Take a look at wrestling, boxing, and hockey, while you're at it. Have you seen what happened to Mohammed Ali? (Some even think O. J. Simpson may have had such damage, for it is well known to provoke rage and violence as well as irrationality.)
In September 2015, researchers with the Department of Veterans Affairs and Boston University announced that they had identified CTE at least in trace amounts in 96 percent of NFL players that had allowed their brains to be donated for examination after death, because they suspected damaged, and in 79 percent of all football players (read: high school and college). At the University of North Carolina one professor who put shock detectors in the helmets of the school's athletes discovered in one case that a player endured two shots to the head of 80 g's and 98 g's in just a morning of practice. To put this in perspective: if you drove a car at 25 miles per hour into a wall and your face hit the windshield, the g-force would be about 100. (Later in the day, this same player endured another substantial jolt to the same area of his brain.)
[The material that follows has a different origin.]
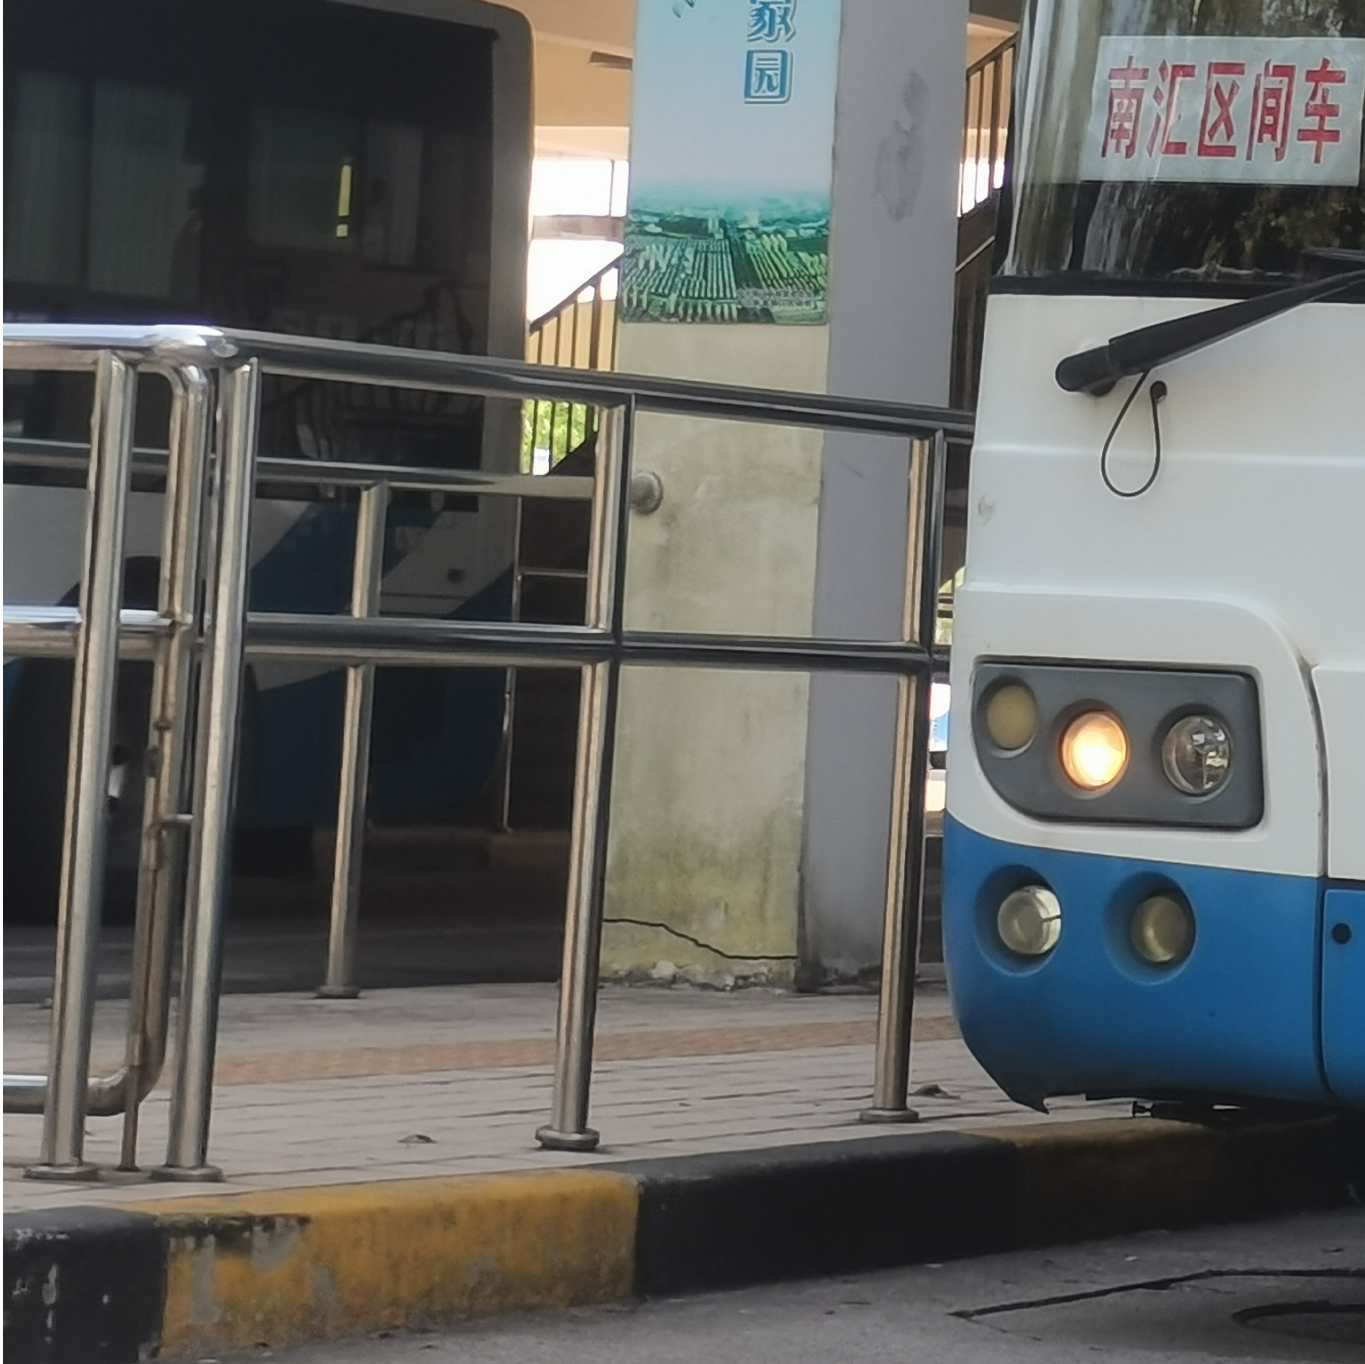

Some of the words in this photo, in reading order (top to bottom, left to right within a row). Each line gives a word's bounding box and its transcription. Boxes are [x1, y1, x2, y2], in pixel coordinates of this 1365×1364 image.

The movie concludes with the warning that 28 percent of pro players have significant brain trauma.
As a reviewer noted, "CTE is the reason once proud and charismatic Webster spent his final days alone and in pain, hopped up on a cocktail of pain medications and sleeping in a truck with broken windows covered by garbage bags. CTE is the reason the once fun-loving and thoughtful Justin Strzelczyk [another Steeler offensive lineman] sped up Interstate 79 in New York one afternoon, stopped at a gas station to offer crucifixes and cash to strangers, and then raced through oncoming traffic, dodging cars until he hit a tanker going ninety miles per hour."
In college, I have heard coaches say things like, "He'll be okay; it's only a concussion." Players often are knocked out cold but revived at the sidelines with smelling salts or drugs -- and sent back in. Often, the impact of a "hit" causes a player to lose control of the bowels or see triple for the rest of the game.
How many times have you seen players smacked so hard as to whiplash backwards, or land on the top of the head?
It's really amazing, and daunting, to contemplate. And contemplate we must, even if we don't want to, even if we don't want to admit it. The truth sets us free. True, some of the symptoms Webster and others suffer could be aggravated by rampant use of steroids or drugs like Ritalin, and Webster had mental illness in his family. But just about anyone who has played football long enough has a shoulder or knee or hip replacement, never mind the brain. The NFL recently awarded damages to hundreds of former players (amounting to $750 million)!
It gets hard to watch. We're doing this to our kids -- and calling it the national past-time?
Can something change to make it palatable again? At least let these fellows block from a standing position (as opposed to crouched down there head to crashing, helmeted head).
The day after viewing this movie, we didn't bother turning on any of the playoff games. It was just too fresh in our own minds. It was just too much. The Super Bowl? Maybe the first half, this year. Maybe. In Dr. Omalu's opinion, "God did not intend for man to play football."
He certainly could not condone a past-time -- a spectacle in entertainment -- that regularly and severely damages human beings.